I remember heroic dream hangovers for days, after one of these western themed sagas. A palpable threat, like say a horde of angry rustlers (I had a very vague idea what these were, from Bonanza) would be forming on the horizon (again, something I had only seen on TV because Springfield, PA's horizons were the roofline of the house next door) and I would do *SOMETHING HEROIC* (insert unexplained action) and the horde would disperse, the townsfolk would gather to cheer, there would be a parade, and I would get some kind of brain chemical infusion from this head trip that induced feelings of good will and confidence in the waking world of school and play and home.
These days my dreams have a Sisyphean theme: doing endless paperwork, car ignitions that just click and click but won't turn over, a salad making competition where I have to make a salad 'three ways' - and the only one I make is frisee with roasted walnuts and goat cheese. Why I have a dream about a salad I have never eaten or heard of is beyond me. I dare Freudian analyzers to sexify that.
So, at 4:30 am, I am looking up FRISEE on google and wondering why my family dislikes me.
Turns out, frisee is a kind of endive, and endive is a bitter salad green related to the daisy family. Now, this is interesting because I have often been accused of being a little over cheerful, sort of Daisy like. Gerbera daisies frighten me with their aggressive cheerfulness: this is how I must appear to some people - gigantic technicolor head on a tiny body inadequate to hold it up, supported by some kind of device like a clear plastic straw or wire. I love the regular shasta daisy with white petals and yellow center. I aspire to their simplicity and geometry. And of course, I always count the petals ahead of time, so I know where to start, to guarantee the results I crave while plucking off "he loves you, he loves you not." Yes, I want to know, as long as I know ahead of time and can prepare.

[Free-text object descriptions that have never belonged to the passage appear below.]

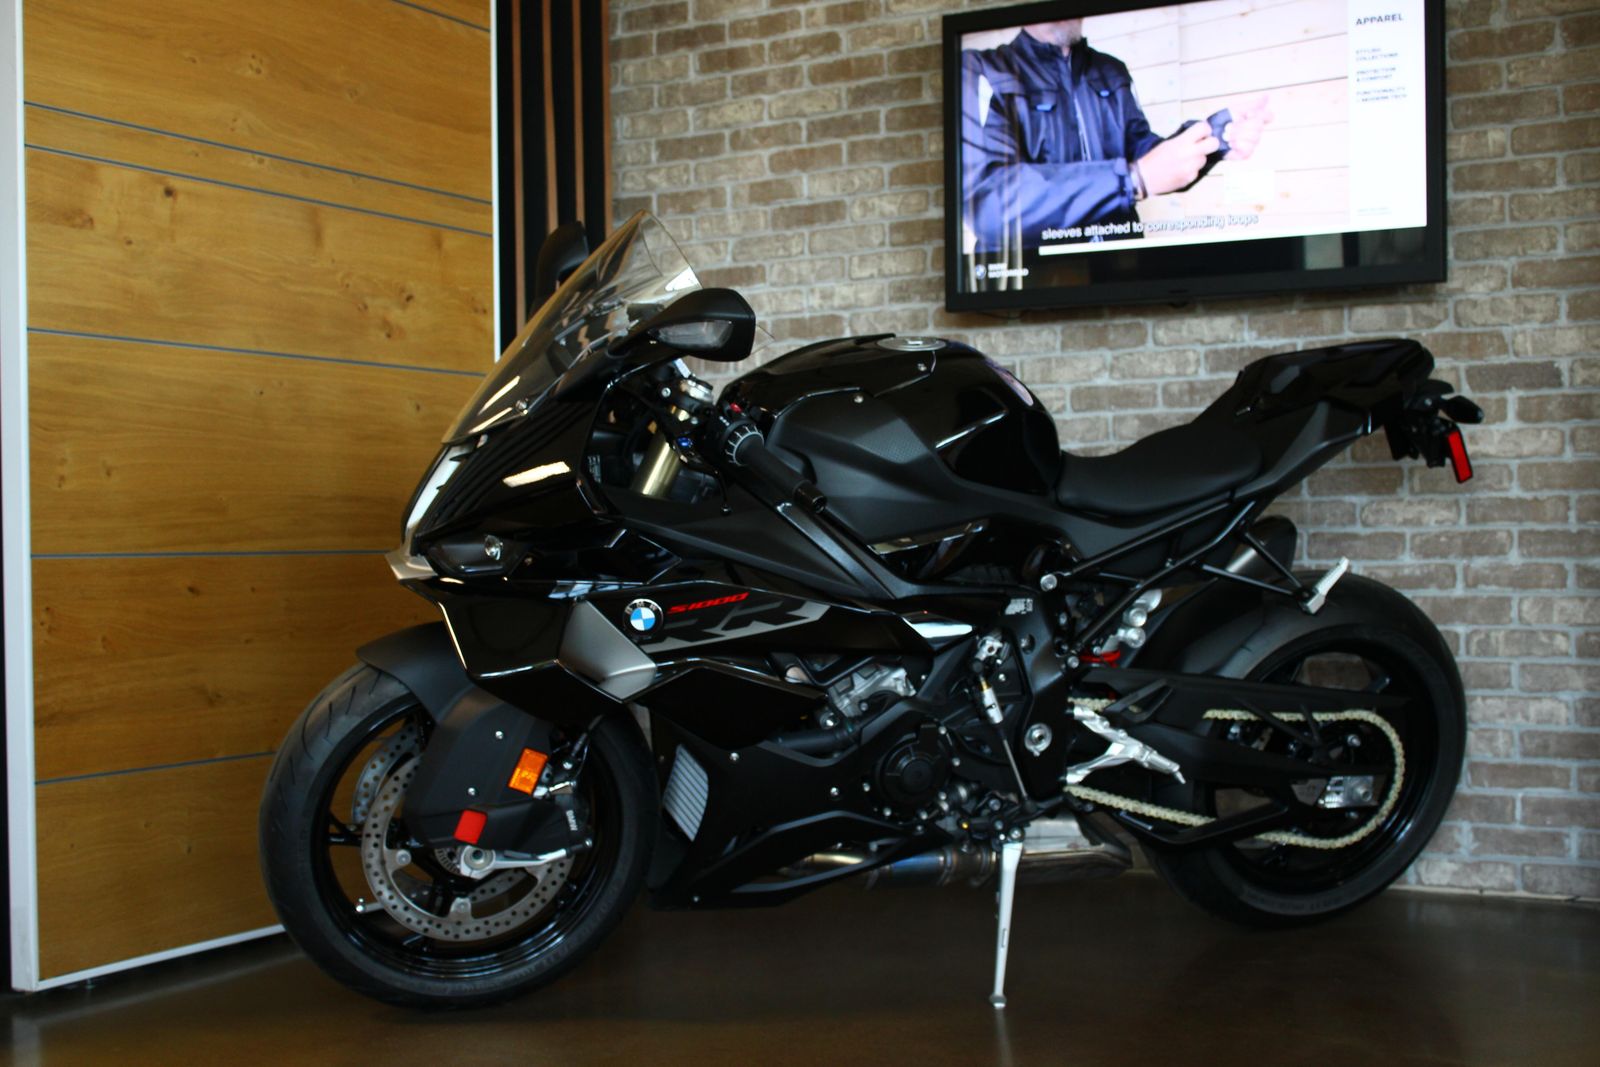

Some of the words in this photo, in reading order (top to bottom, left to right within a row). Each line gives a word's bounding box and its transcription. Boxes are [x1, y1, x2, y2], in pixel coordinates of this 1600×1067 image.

[1356, 13, 1403, 25] APPAREL
[1041, 227, 1082, 240] sleeves
[1084, 221, 1130, 237] attached
[1132, 221, 1144, 233] to
[1147, 214, 1225, 233] corresponding
[1227, 213, 1259, 227] loops
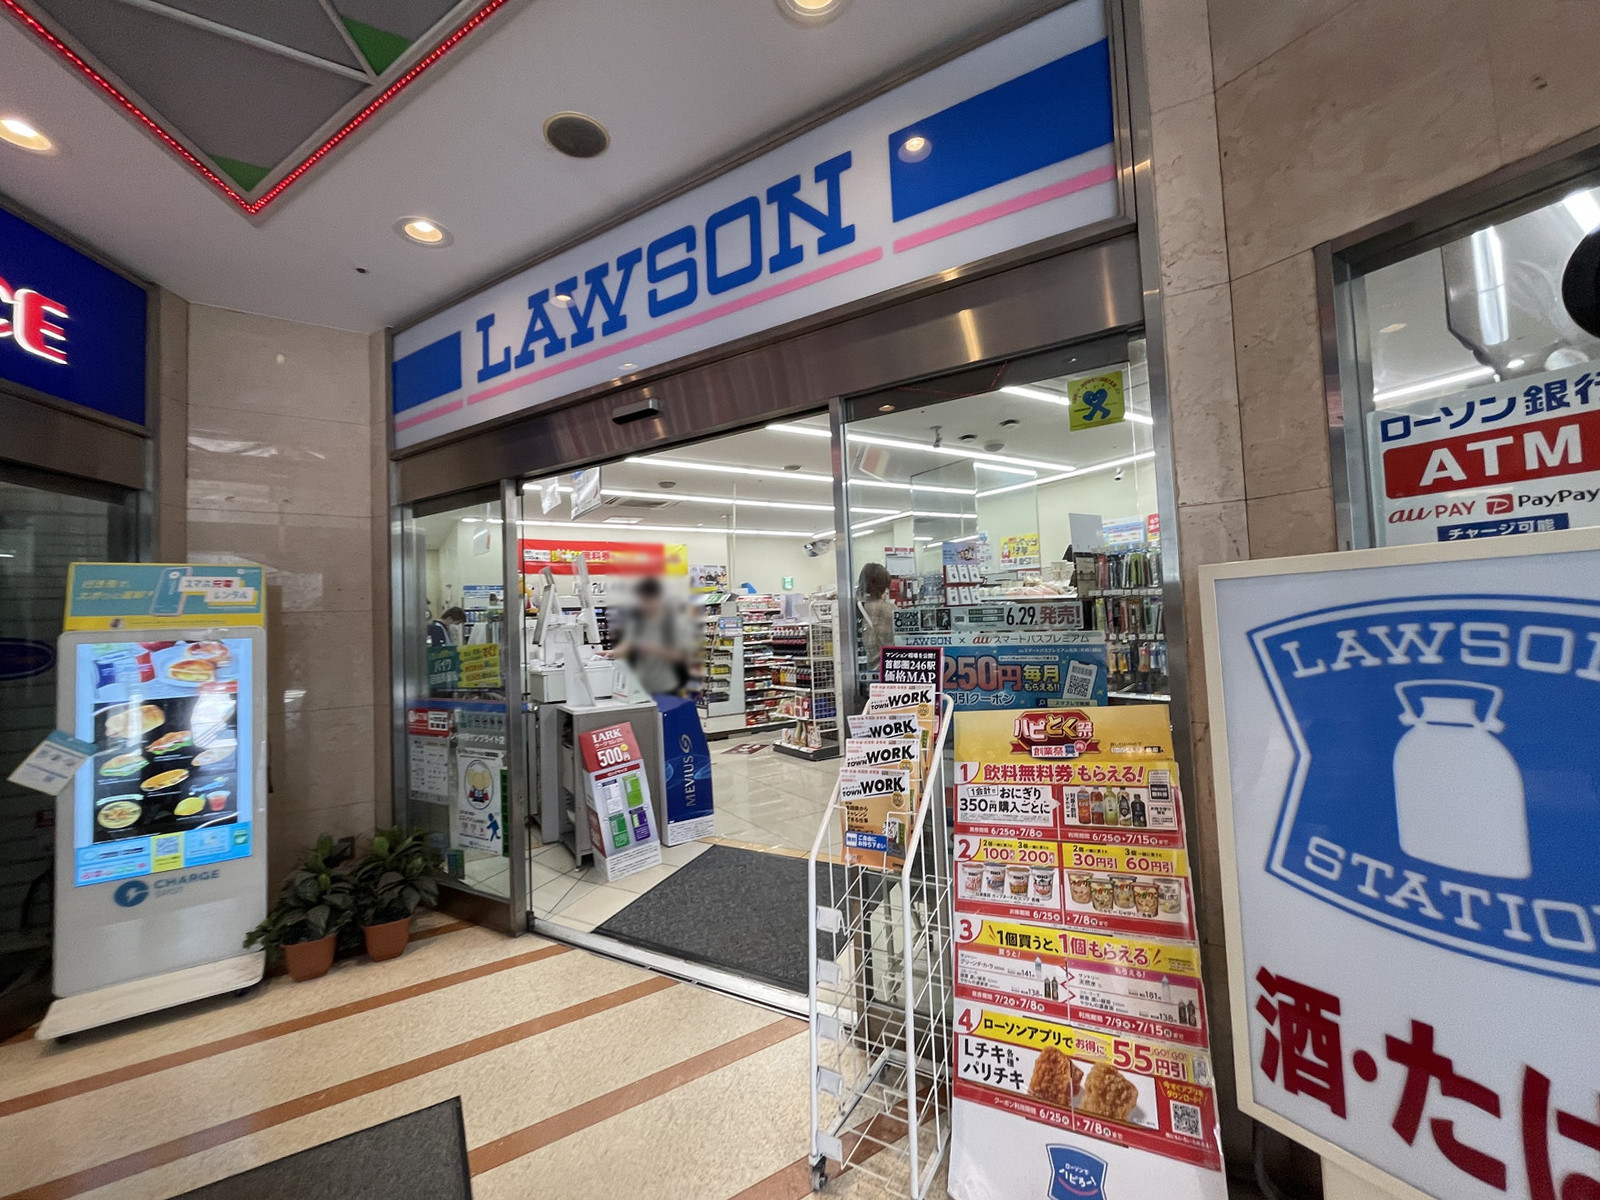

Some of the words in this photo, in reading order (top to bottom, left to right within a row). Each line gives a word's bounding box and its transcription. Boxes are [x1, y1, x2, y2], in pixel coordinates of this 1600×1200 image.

[476, 151, 857, 384] LAWSON
[0, 275, 69, 366] E
[1419, 424, 1583, 487] ATM
[1388, 506, 1433, 524] au
[1435, 500, 1476, 518] PAY
[1518, 489, 1600, 508] PayPay
[1448, 518, 1556, 540] チャージ可能
[1006, 606, 1036, 626] 6.29
[1040, 605, 1081, 625] 発売!
[905, 636, 953, 646] LAWSON
[885, 659, 936, 670] 首都圏246駅
[943, 655, 1022, 692] 250円
[1023, 664, 1060, 683] 毎月
[884, 670, 936, 683] 価格MAP
[871, 702, 888, 710] TOWN
[888, 689, 932, 707] WORK
[592, 728, 623, 744] LARK
[869, 719, 917, 738] WORK
[1013, 713, 1095, 740] ハピとく祭
[847, 760, 867, 768] TOWN
[866, 745, 915, 764] WORK
[682, 754, 696, 808] MEVIUS
[960, 763, 968, 781] 1
[984, 764, 1073, 783] 飲料無料券
[1077, 765, 1145, 783] もらえる!
[842, 789, 862, 797] TOWN
[860, 776, 906, 794] WORK
[1000, 786, 1041, 800] おにぎり
[999, 800, 1051, 814] 購入ごとに
[957, 839, 971, 859] 2
[1073, 853, 1118, 869] 30円引
[1126, 857, 1174, 873] 60円引
[153, 869, 221, 890] CHARGE
[1304, 835, 1600, 953] STATIO
[959, 918, 973, 941] 3
[997, 930, 1059, 953] 1個買うと、
[958, 1009, 973, 1030] 4
[984, 1018, 1074, 1049] ローソンアプリで
[1075, 1038, 1107, 1056] お得に
[963, 1061, 1025, 1090] パリチキ

I am not sure that the walnuts and the goat cheese are important at all, except that I can't imagine having a salad with less than three ingredients. And then, at 5:00 am I finally get around to thinking what this would actually taste like, the bitter daisy greens, the acrid walnuts and the tangy goat cheese. Oh.
So, this harsh, acerbic mix is the only one I make, according to my dream. Sally Starr, I hope I am feeling as good as I look to you, but probably not. When did the Star-Spangled, gun toting Rodeo Girl become an acrimonious one trick pony? Those were my salad days, and I made of them what I could, but as far as I know, the competition is not over and I still have two salads left to make.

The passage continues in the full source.